Reasons Blogs Rock

(Published in the National Post, August 13, 2004)

A vanity press for the demented?

That’s how Erik-Lars Nelson, a former columnist for the New York Daily News, describes the Internet. He once wrote a wonderfully tart piece for the Shorenstein Centre at Harvard University. In it, the newspaper columnist (echoing the view of a lot of newspaper columnists, one suspects) made short work of the Net — and, by extension, the “blogger” culture now pervading it.

Wrote Nelson: “Any newspaper person who has logged onto an Internet news group will recognize many of the contributors at once: They are the same obsessives who write dense postcards in tiny script that covers all available space and then continues around the edge, often continuing with a P.S. on the address side. These are cards and letters the newspapers routinely do not print; the Internet, by contrast, is a vanity press for the demented, the conspiratorial or the merely self-important.”

An international gathering of the demented, the conspiratorial and the self-important took place, we are happy to report, a few days back at a downtown Toronto hotel.
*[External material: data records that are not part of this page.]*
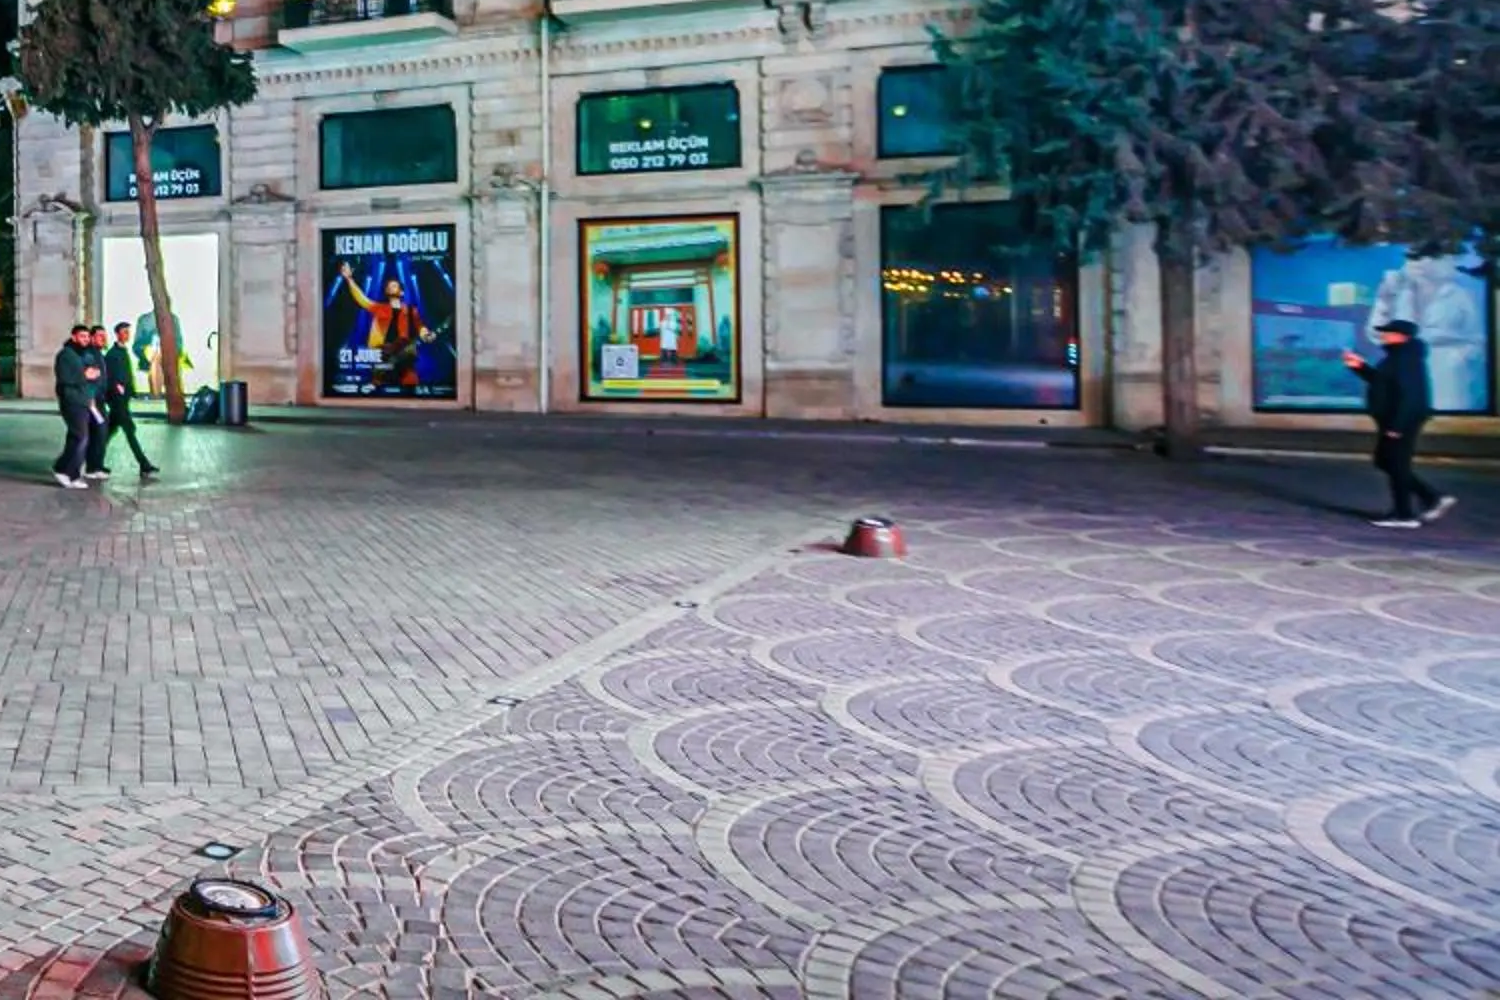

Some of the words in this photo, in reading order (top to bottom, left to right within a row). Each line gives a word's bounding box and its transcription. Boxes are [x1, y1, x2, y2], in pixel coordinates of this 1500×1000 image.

[610, 157, 639, 170] 050
[689, 152, 709, 165] 03
[129, 171, 169, 183] RAM
[185, 183, 199, 195] 03
[335, 234, 384, 255] KENAN
[387, 228, 447, 253] DOĞULU
[340, 348, 352, 362] 21
[355, 347, 383, 362] JUNE
Bearing the unwieldy title of “Exploring the Fusion Power of Public and Participatory Journalism,” the 100 or so demented people in attendance — most, but not all, drawn from the ranks of the newspaper business — were the guests of the Public Journalism Network, the Canadian Newspaper Association and a few dedicated souls from Kennesaw State University in Georgia.

While the day-long event was intended to discuss a lot more than Web logs — the so-called “blogs” that seemed to sprout like weeds during the recent federal general election, and again throughout the Democratic National Committee’s convention in Boston — bloggers and their creations dominated deliberations.
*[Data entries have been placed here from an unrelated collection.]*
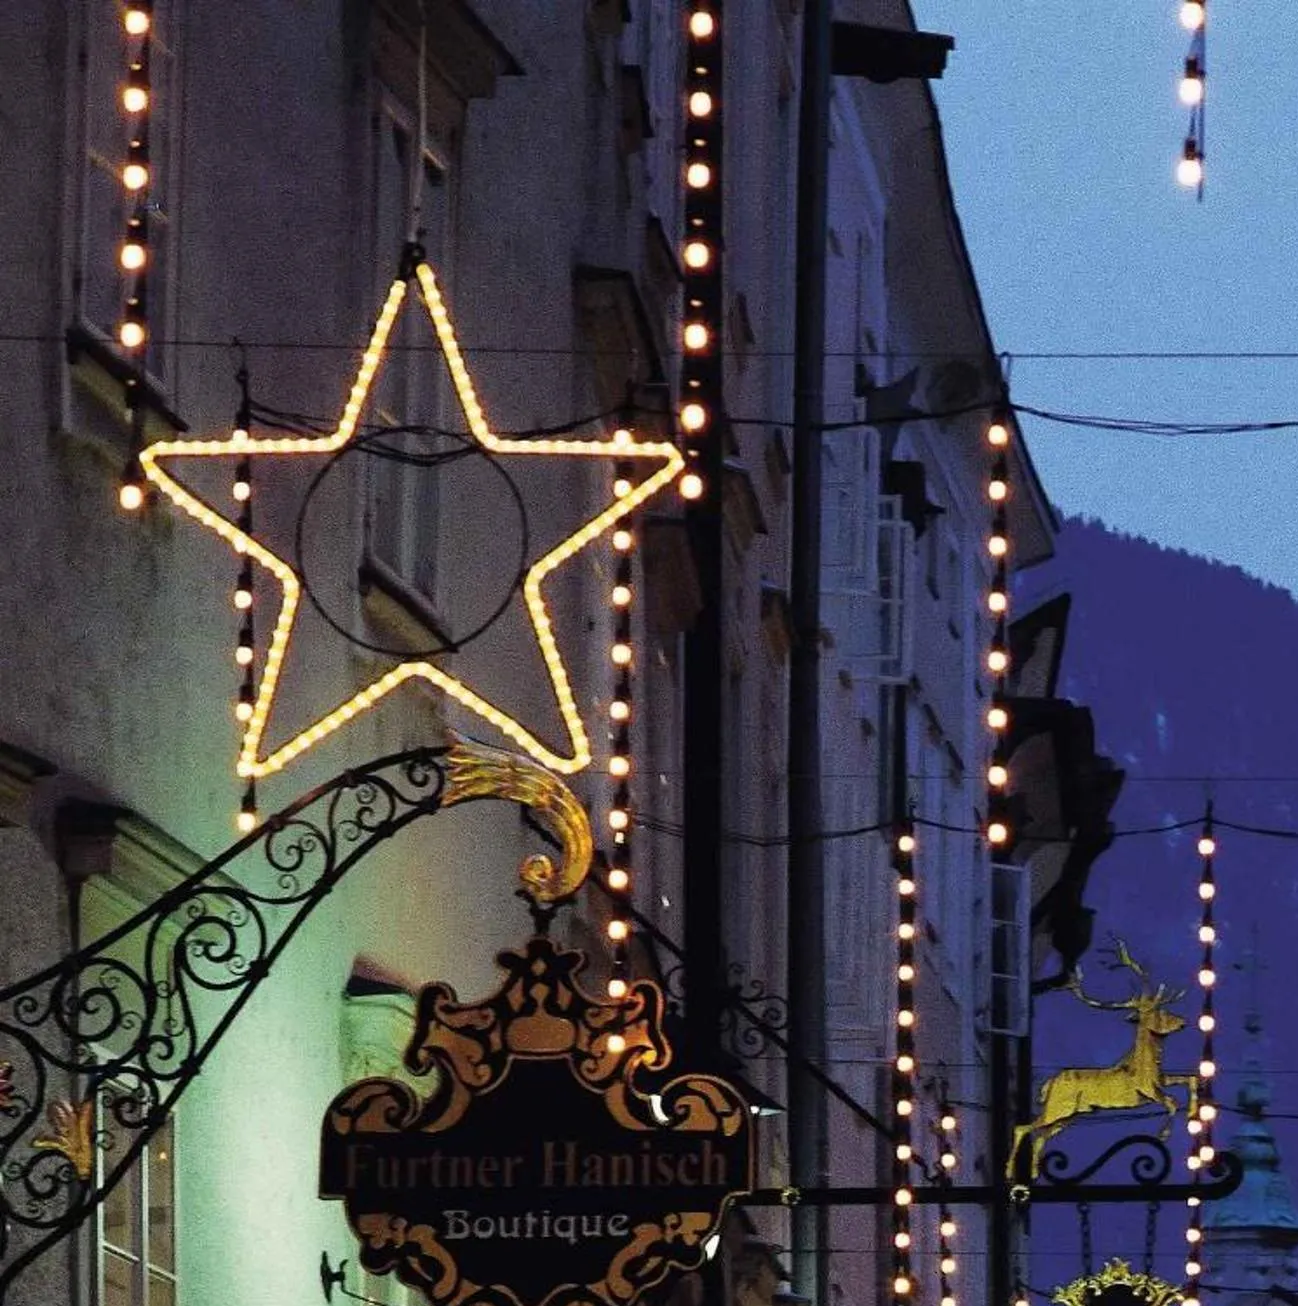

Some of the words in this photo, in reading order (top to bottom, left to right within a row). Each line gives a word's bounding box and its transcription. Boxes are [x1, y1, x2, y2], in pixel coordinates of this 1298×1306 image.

[344, 1142, 524, 1190] Furtner
[542, 1139, 728, 1189] Hanisch
[442, 1209, 630, 1245] Boutique
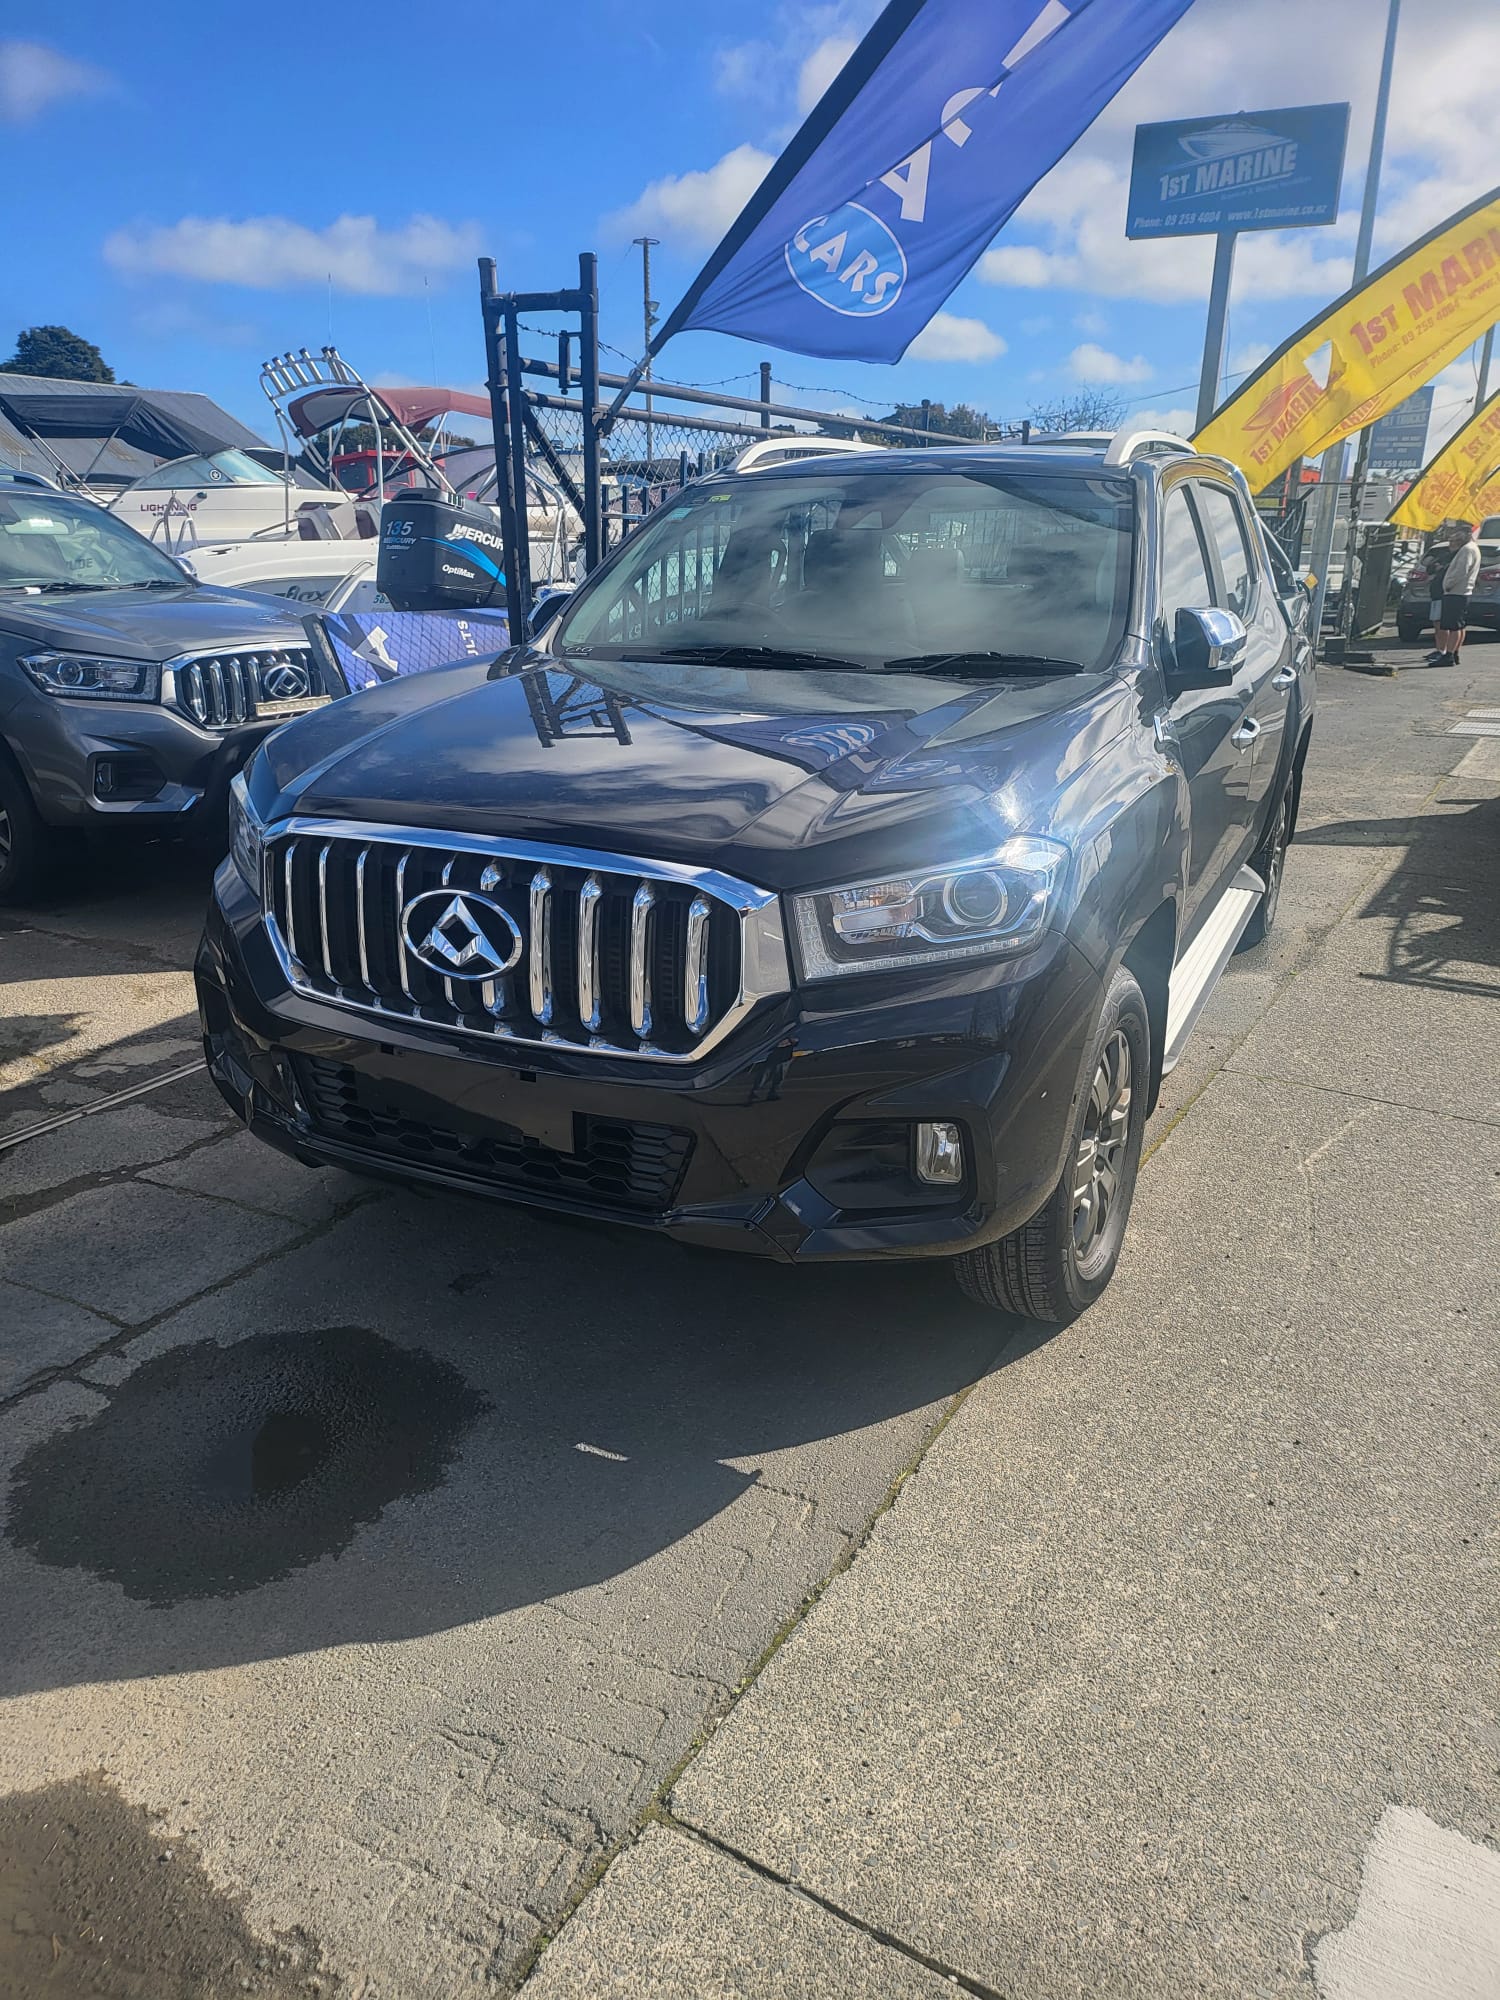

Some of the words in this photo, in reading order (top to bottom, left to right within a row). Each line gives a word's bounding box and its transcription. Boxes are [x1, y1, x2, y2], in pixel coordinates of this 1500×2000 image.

[1195, 143, 1299, 193] MARINE
[1165, 215, 1177, 226] 09
[793, 215, 900, 304] CARS
[1270, 382, 1324, 444] MARIN
[140, 503, 197, 512] LIGHNNG
[386, 521, 414, 536] 135
[383, 536, 416, 544] MERCURY
[445, 523, 504, 551] MERCUR
[442, 564, 475, 579] OptiMax
The consensus: Pay attention to the bloggers, because the bloggers are certainly paying attention to you. Thousands of people around the globe, we were told, are becoming bloggers. Why?

Here are 10 reasons I offered up during my presentation. One famous New York City blogger, Jay Rosen, immediately called me “stupid and narrow” — but lots of other self-important conference participants were seen nodding their conspiratorial noggins.

1. Blogs are free. Free to do, free to see. Being free, blogs have started to nip at the heels of mainstream media Internet offerings — which are increasingly (and understandably) moving to subscription-based models.

2. They’re proudly biased. Bloggers don’t play objectivity games — they believe (like most newspaper readers, by the way) that folks are looking for opinion, even opinion they don’t necessarily agree with. Objectivity, in the blogosphere at least, is boring.

3. They’re really easy to access. Forget about the 500-channel, 24 hour-a-day, seven-day-a-week mainstream media universe: Blogs offer a lot more choice, by a long shot.

4. They’re the Hegelian Dialectic on speed. Thesis, antithesis, synthesis: Blogs offer readers an opportunity to sample a wide variety of opinion, and then arrive at one of their own.

5. They’re populist. Blogs are by, for and usually about regular folks. In Canada, there are many Web logs devoted to politics — because, let’s face it, politics is showbiz for ugly people. But blogs represent the first real, honest-to-goodness popular uprising since Gutenberg. That can only be a good thing.

6. They have “Google power.” When one makes use of the most powerful Internet search engine in the world, one obtains results from all over the place — the news media, educational institutions, governments. But, increasingly, blogs are popping up in Google (and other) search results, too. Google equals exposure — and exposure equals influence.

7. Specialists are welcome. Generalists are found in the blogosphere, too, of course. But a surprising degree of specialization and expertise is there, gratis, in the blogging world. Media people are increasingly making use of bloggers, as a result.

8. Interactions are welcome. Most readers and viewers suspect where their complaints about coverage or bias usually end up — in the mainstream media’s round file. So they often don’t even bother to write. In the blogging world, meanwhile, criticism, commentaries and queries are not merely welcome — they’re encouraged. That dynamic is what prompts many people to start up their own blogs, in fact.

9. They’re pithy as heck. Unlike the mainstream media — with the notable exception of the newspaper you now grasp in your hands, naturally — which have a tendency to be long, boring and pedantic.

10. They’re rather faddish at the moment. Which raises a question that was roundly mooted at the conference: namely, are blogs the digital equivalent of the pet rock?

Ask Penny Cholmondeley: She’d probably say no. A Nunavut Tourism marketing officer, Ms. Cholmondeley was fired a few days ago because she offended someone — her boss wouldn’t say who — who disapproved of the fact that she maintained an inoffensive Web log at http://pennyc.typepad.com/polar_penelope/

Ms. Cholmondeley found a job shortly thereafter in British Columbia.

But her case — and plenty of other such examples — demonstrate that blogs are read, blogs are talked about and blogs, ipso facto, have increasing clout.

Not bad for a group of demented, conspiratorial and self-important types, eh?